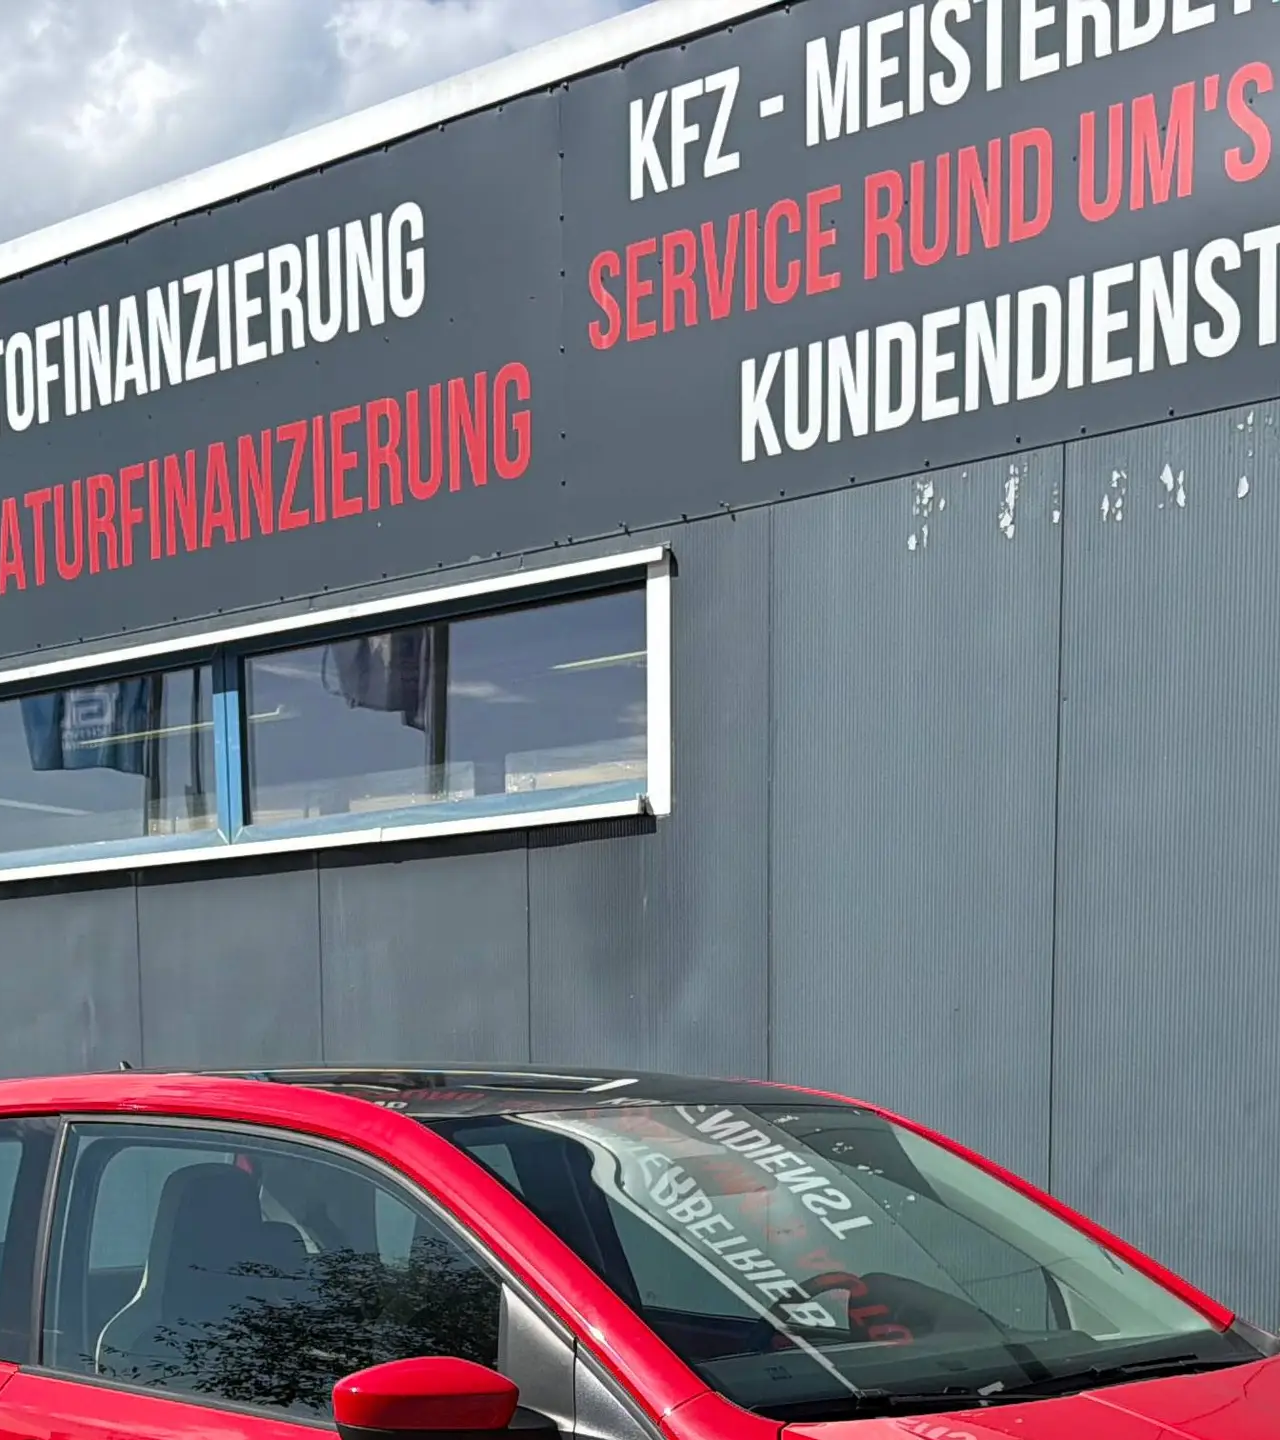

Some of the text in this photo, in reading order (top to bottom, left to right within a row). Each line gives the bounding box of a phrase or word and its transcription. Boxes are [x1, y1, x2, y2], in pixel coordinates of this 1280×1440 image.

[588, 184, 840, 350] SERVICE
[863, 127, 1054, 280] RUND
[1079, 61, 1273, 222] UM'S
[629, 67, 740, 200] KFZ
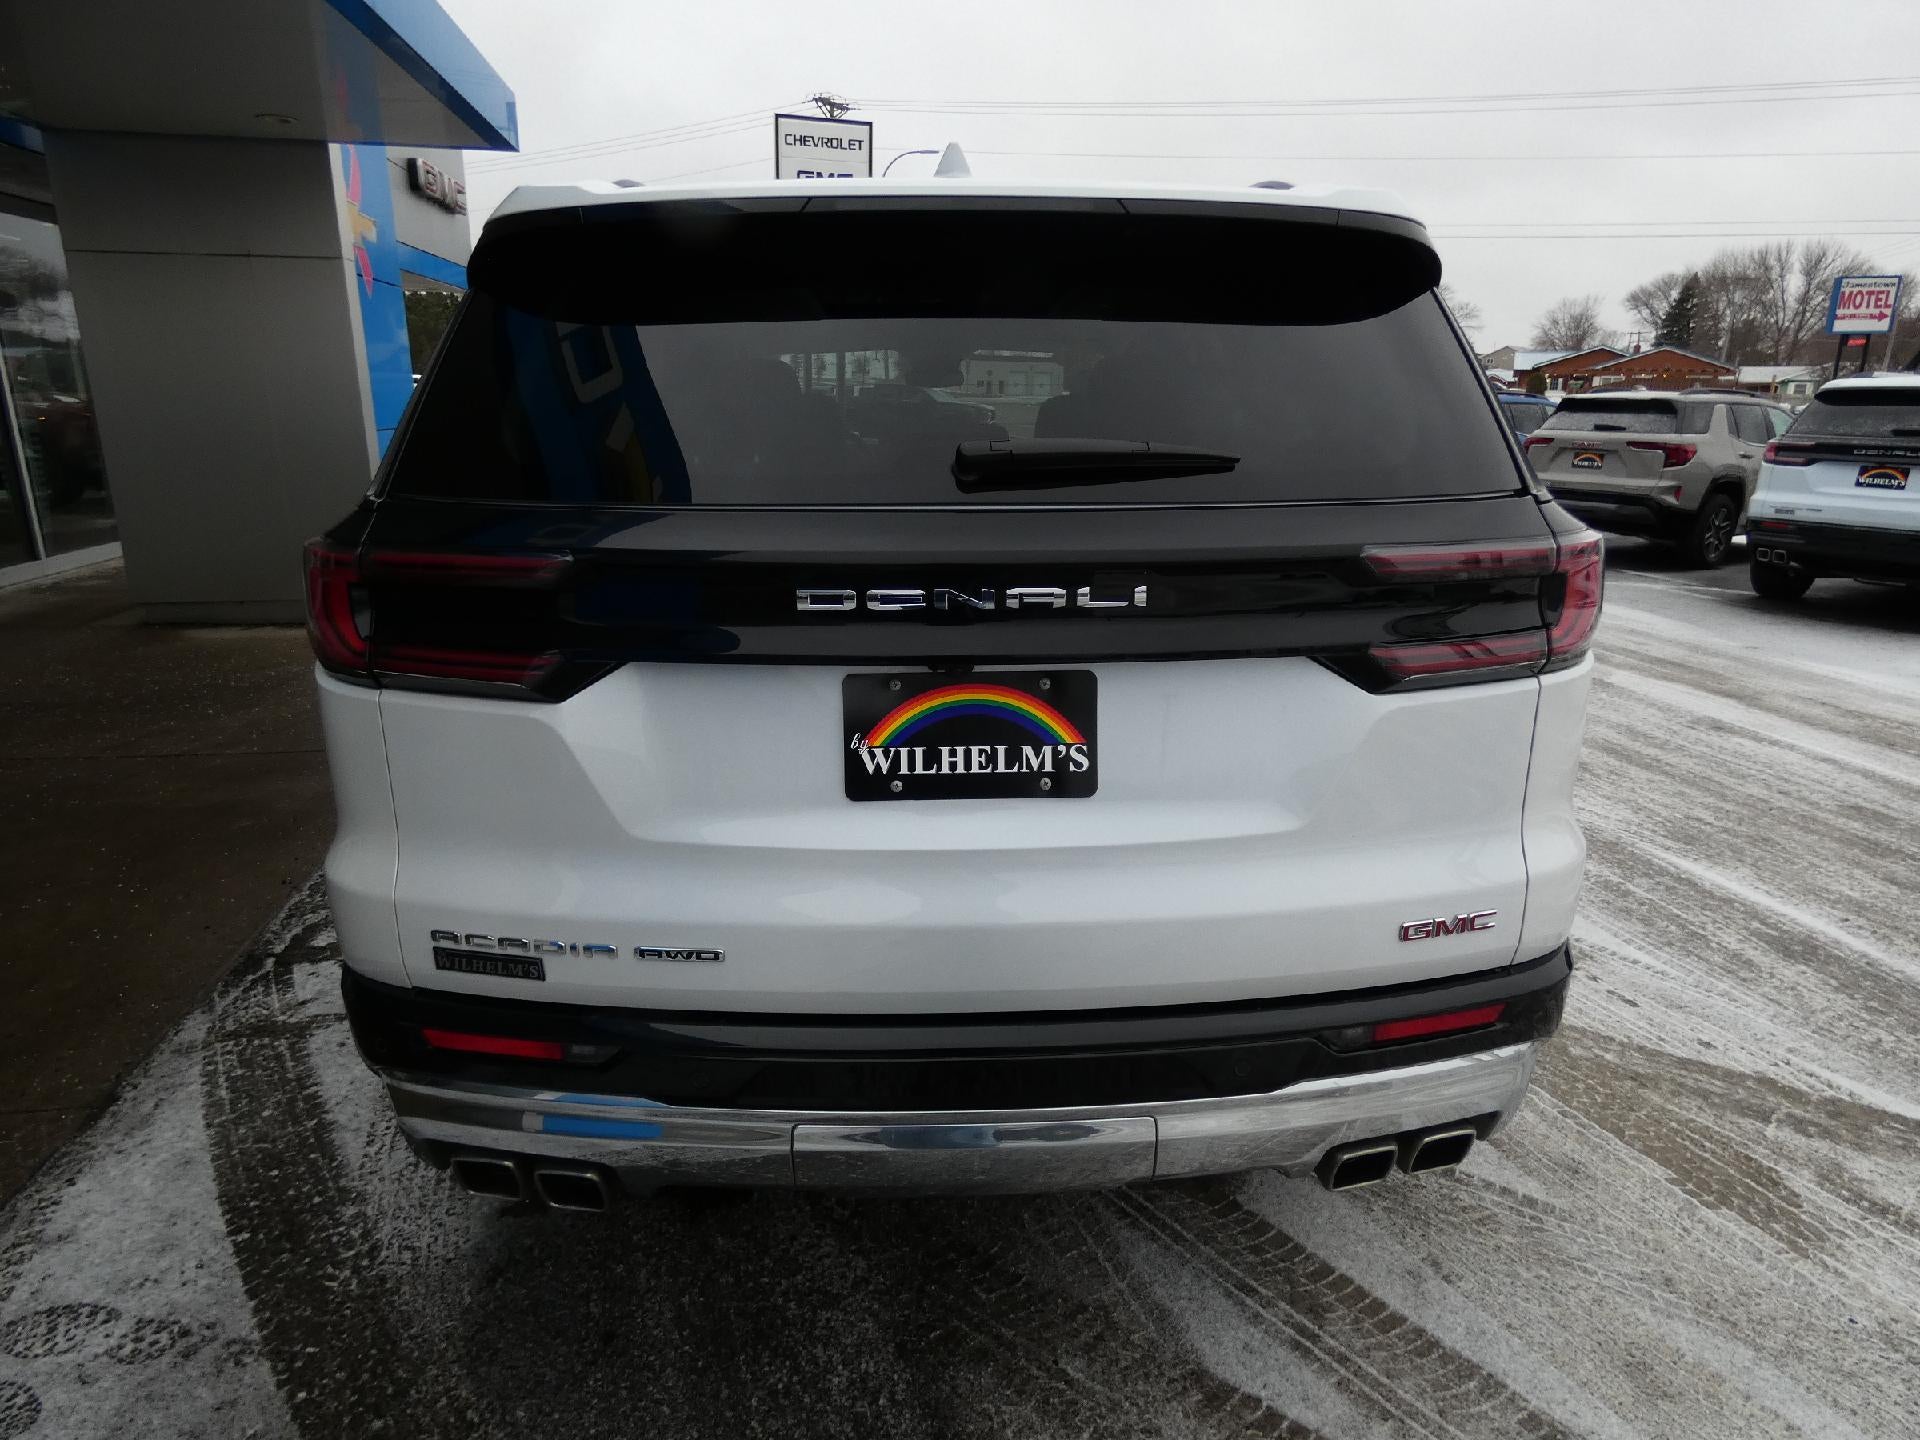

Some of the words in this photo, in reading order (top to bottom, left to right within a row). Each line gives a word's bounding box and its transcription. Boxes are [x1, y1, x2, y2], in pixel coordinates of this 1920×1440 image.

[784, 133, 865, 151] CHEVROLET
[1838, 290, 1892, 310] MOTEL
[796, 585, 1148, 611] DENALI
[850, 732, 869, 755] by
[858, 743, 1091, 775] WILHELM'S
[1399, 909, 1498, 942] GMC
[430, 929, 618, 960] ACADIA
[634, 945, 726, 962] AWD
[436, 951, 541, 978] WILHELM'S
────────
■ WHAT YOU WILL DO ■
Produce the entries again, word for word, without any of their pictures.

■ TASK RESULT ■
Some of the text in this photo, in reading order (top to bottom, left to right within a row). Each line gives the bounding box of a phrase or word and its transcription. Boxes are [x1, y1, x2, y2], in pixel coordinates of this 1280×1440 image.

[588, 184, 840, 350] SERVICE
[863, 127, 1054, 280] RUND
[1079, 61, 1273, 222] UM'S
[629, 67, 740, 200] KFZ

Some of the words in this photo, in reading order (top to bottom, left to right within a row). Each line gives a word's bounding box and its transcription. Boxes are [x1, y1, x2, y2], in pixel coordinates of this 1920×1440 image.

[784, 133, 865, 151] CHEVROLET
[1838, 290, 1892, 310] MOTEL
[796, 585, 1148, 611] DENALI
[850, 732, 869, 755] by
[858, 743, 1091, 775] WILHELM'S
[1399, 909, 1498, 942] GMC
[430, 929, 618, 960] ACADIA
[634, 945, 726, 962] AWD
[436, 951, 541, 978] WILHELM'S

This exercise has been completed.